- Court: International Court of Justice
- Decided: 3 October 2018; 3 February 2021; 30 March 2023

Case opinions
- https://www.icj-cij.org/en/case/175

= Alleged Violations of the 1955 Treaty of Amity (Iran v. United States) =

2023 International Court of Justice case

Alleged Violations of the 1955 Treaty of Amity, Economic Relations, and Consular Rights (Islamic Republic of Iran v. United States of America) is the formal name of a case in the International Court of Justice (ICJ).

On 16 July 2018, Iran filed a lawsuit against the United States, mainly based on the 1955 Treaty of Amity before the Iranian Revolution. Iran alleged that reimposing the nuclear sanctions was a violation of the treaty. Iran also filed request for provisional measures. In response, the United States alleged that the lawsuit was baseless.

On 3 October 2018, the court issued provisional measures ordering the United States to "lift sanctions linked to humanitarian goods and civil aviation".

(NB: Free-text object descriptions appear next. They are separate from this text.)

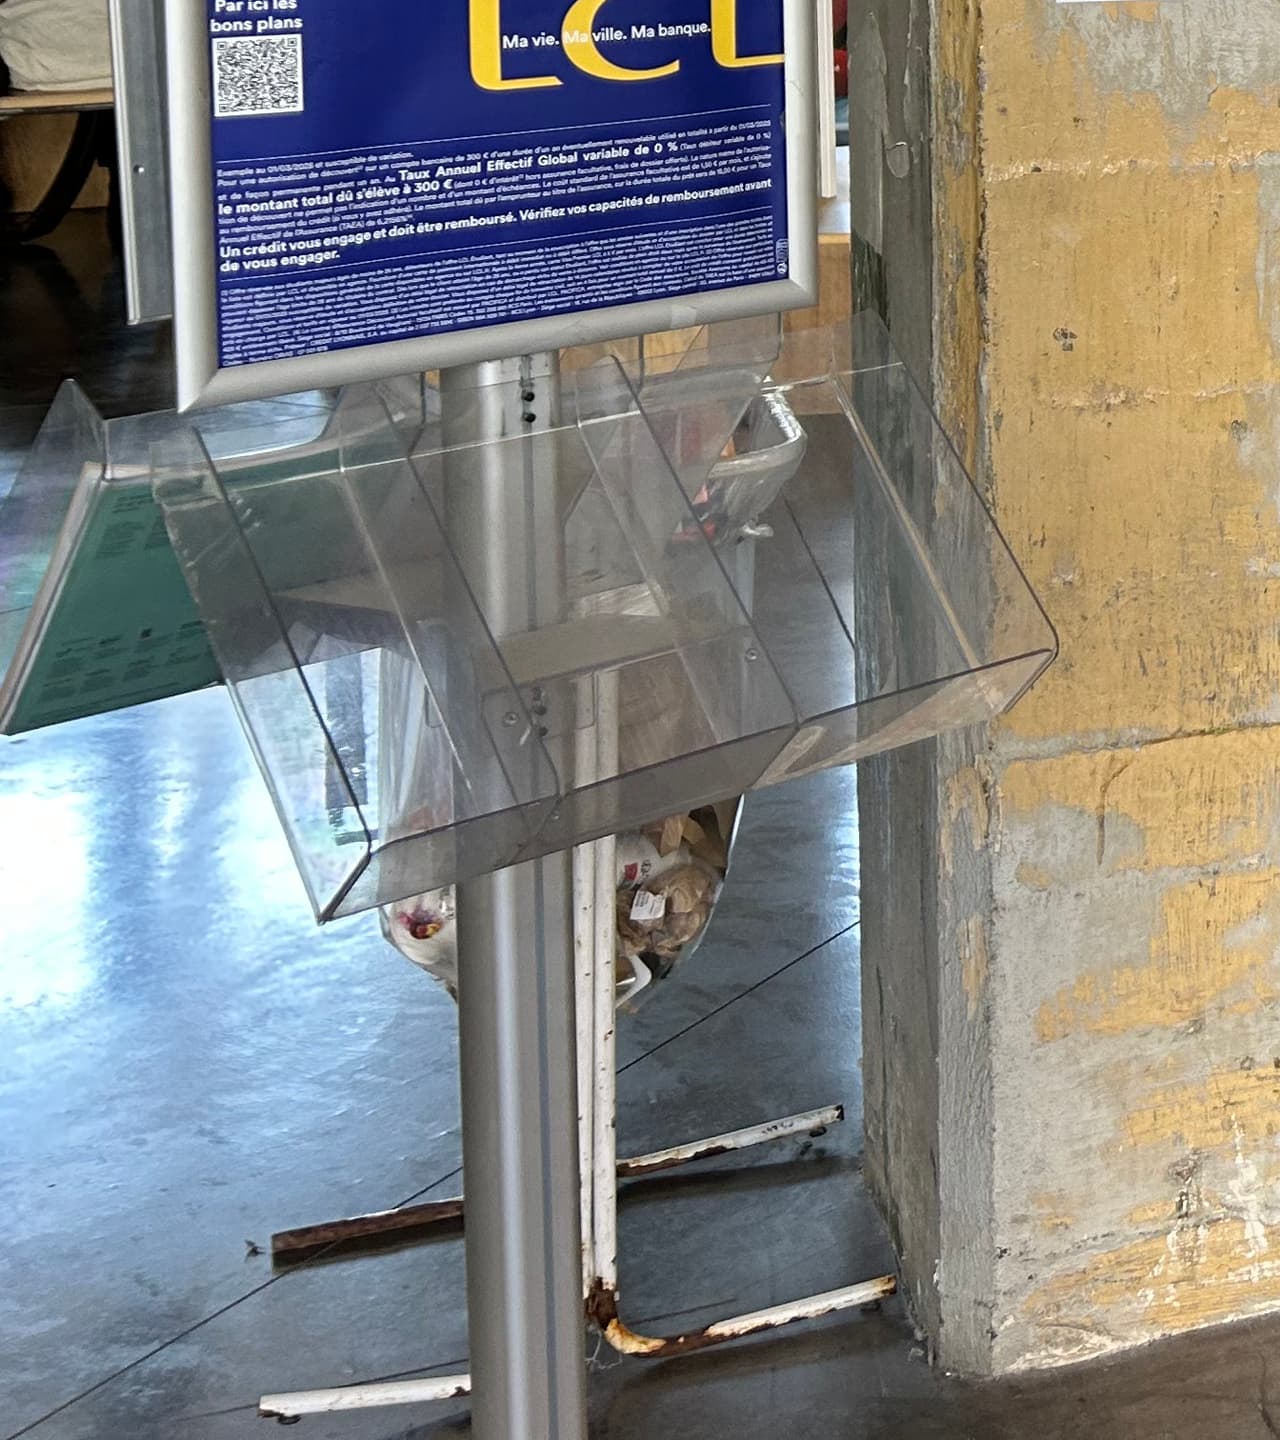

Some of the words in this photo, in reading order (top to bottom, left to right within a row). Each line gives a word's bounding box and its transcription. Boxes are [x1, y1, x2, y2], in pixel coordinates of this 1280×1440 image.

[210, 18, 253, 33] bons
[256, 15, 304, 33] plans
[502, 34, 529, 49] Ma
[532, 32, 560, 47] vie.
[562, 30, 590, 45] Ma
[592, 27, 628, 42] ville.
[631, 24, 656, 39] Ma
[658, 21, 712, 39] banque.
[398, 169, 432, 182] Taux
[435, 161, 482, 178] Annuel
[487, 155, 534, 172] Effectif
[537, 151, 578, 167] Global
[582, 146, 630, 162] variable
[634, 144, 650, 156] de
[653, 143, 663, 154] 0
[218, 203, 233, 216] le
[235, 197, 300, 214] montant
[300, 192, 334, 207] total
[336, 190, 355, 203] dû
[356, 186, 401, 201] s'élève
[402, 183, 412, 195] à
[413, 180, 441, 194] 300
[443, 178, 453, 190] €
[220, 246, 242, 259] Un
[242, 240, 288, 256] crédit
[288, 238, 322, 252] vous
[323, 231, 372, 247] engage
[373, 227, 388, 239] et
[388, 224, 415, 237] doit
[416, 221, 443, 233] être
[444, 211, 519, 231] remboursé.
[518, 206, 566, 221] Vérifiez
[567, 205, 588, 216] vos
[588, 196, 644, 213] capacités
[645, 193, 660, 205] de
[661, 182, 744, 203] remboursement
[745, 177, 773, 191] avant
[220, 259, 241, 273] de
[242, 258, 279, 270] vous
[280, 250, 341, 266] engager.
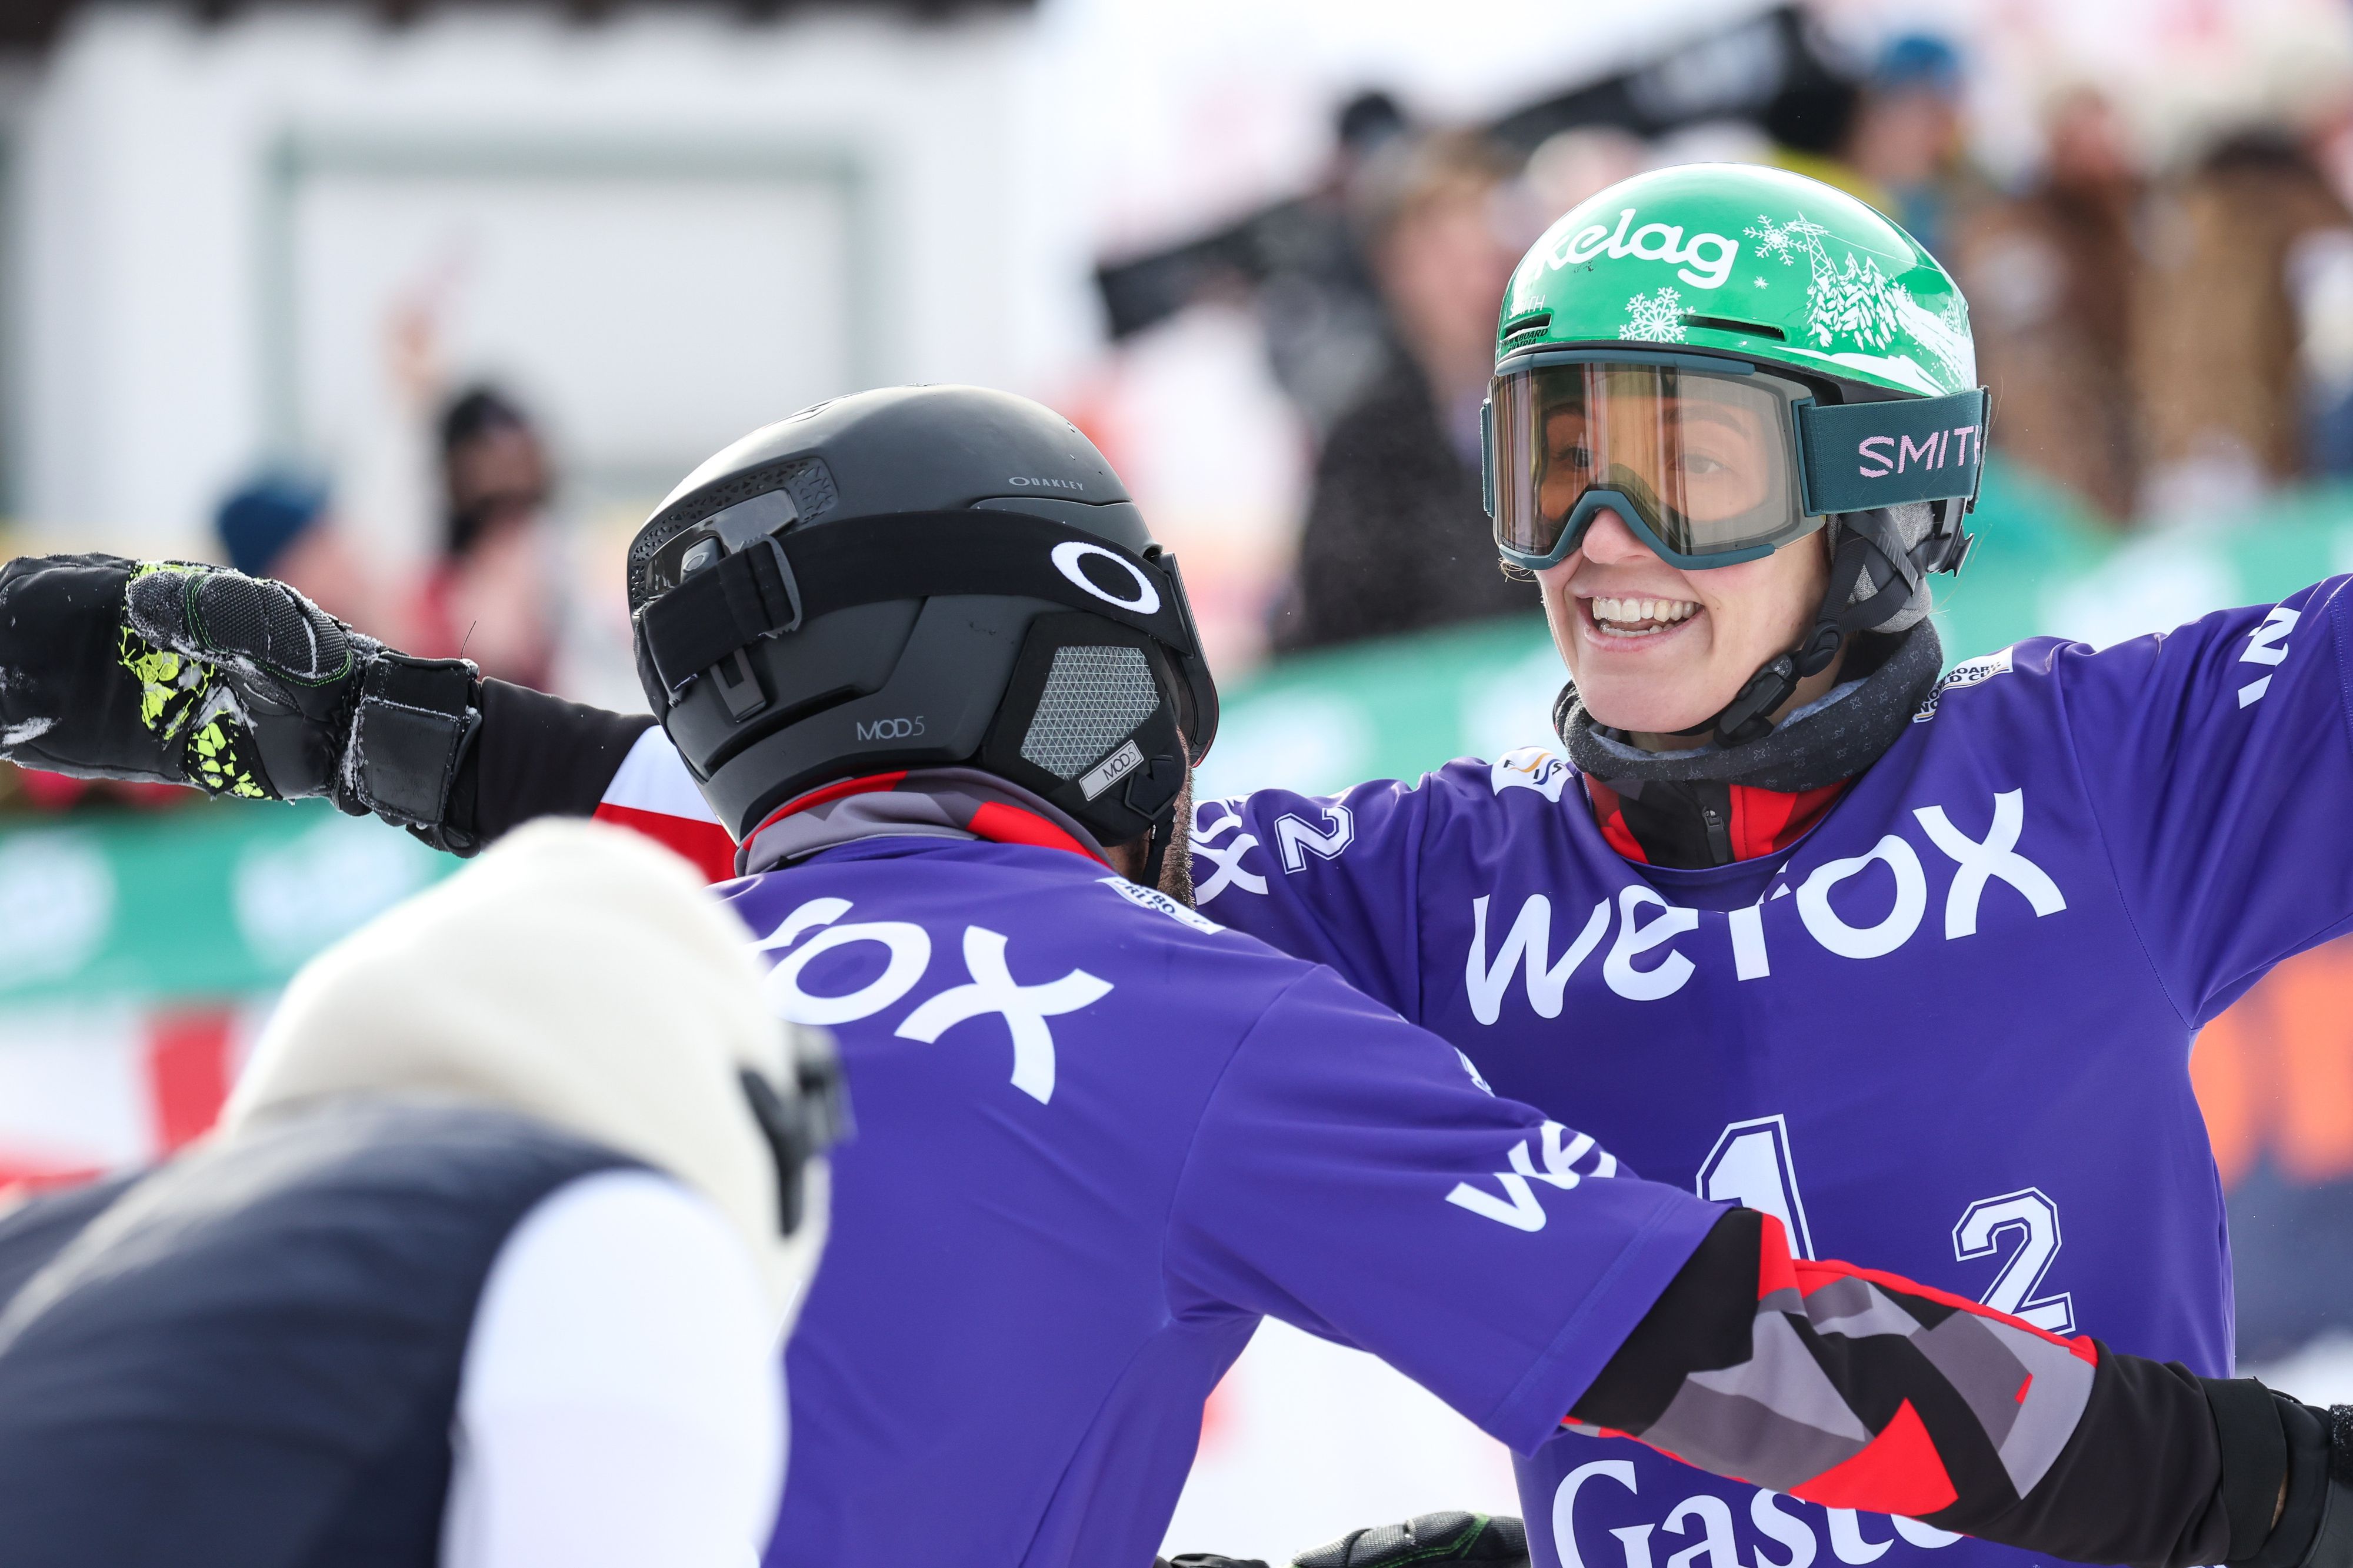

On 23 August 2019, the United States raised preliminary objections to the jurisdiction of the court and the admissibility of the application. In accordance with procedure, the proceedings on the merits of the case were then suspended.

On 3 February 2021, the court rejected the preliminary objections of the United States, finding that it had jurisdiction on the case.

On 30 March 2023, the court released its final judgement on the merits, siding with Iran on frozen commercial assets, but not on $1.75 billion of frozen central bank assets, which constituted most of the dispute.

==Background==

Long before Iran's Islamic Revolution in 1979, Iran and the United States signed the Treaty of Amity which was meant to provide "a basis for friendly diplomatic exchanges and economic relations."

In 2018, U.S. President Donald Trump withdrew from the Joint Comprehensive Plan of Action (JCPOA) between the United States, European Union, Russia, China, and Iran to address Iran's nuclear programs. Under the JCPOA, some of the sanctions against Iran were lifted in exchange for Tehran accepting some limitations on its nuclear program. Following withdrawal from the JCPOA, the United States announced "unilateral plans" to re-impose sanctions against Iran. The Iranian government believed that the United States' decision on 8 May 2018, to re-impose nuclear sanctions on Iran was a violation of the United States' international obligations, "especially articles 4, 7, 8, 9, 10" of the JCPOA and the Treaty of Amity. Consequently, Iran filed a lawsuit with the International Court of Justice on 16 July 2018. In response, the U.S. government announced its withdrawal from the Treaty of Amity with Iran, which requires "giving one year's written notice" according to the treaty itself. The act was criticized by Mohammad Javad Zarif.

==2018 Provisional Measures Order==
On 3 October 2018, the ICJ issued a provisional measures order, requiring the United States to lift certain restrictions to ensure access to "humanitarian trade, food, medicine and civil aviation." "On humanitarian grounds, the US must remove by means of its choosing any impediment to the free exportation to Iran of goods involving humanitarian concerns," said the United Nations court's verdict on 3 October 2018. Mohammad Javad Zarif, the Iranian Foreign Minister, hailed the ruling and described it as "a victory for the rule of law."

== 2023 Judgement on Merits ==
On March 30, 2023, the ICJ released its final judgement on the merits of the case. The court found that they had no jurisdiction over the assets held by Bank Markazi, Iran's central bank, because it was not a commercial enterprise and therefore it was not covered under the 1955 Treaty of Amity. This represented a majority of the funds in question. However, the court also ruled that the US had violated the treaty in other ways by seizing assets. US Spokesperson Vedant Patel said he believed the decision was "a major blow to Iran." However, the Iranian Foreign Ministry said that the ruling was proof of "Iran’s righteousness and the violations by the US government."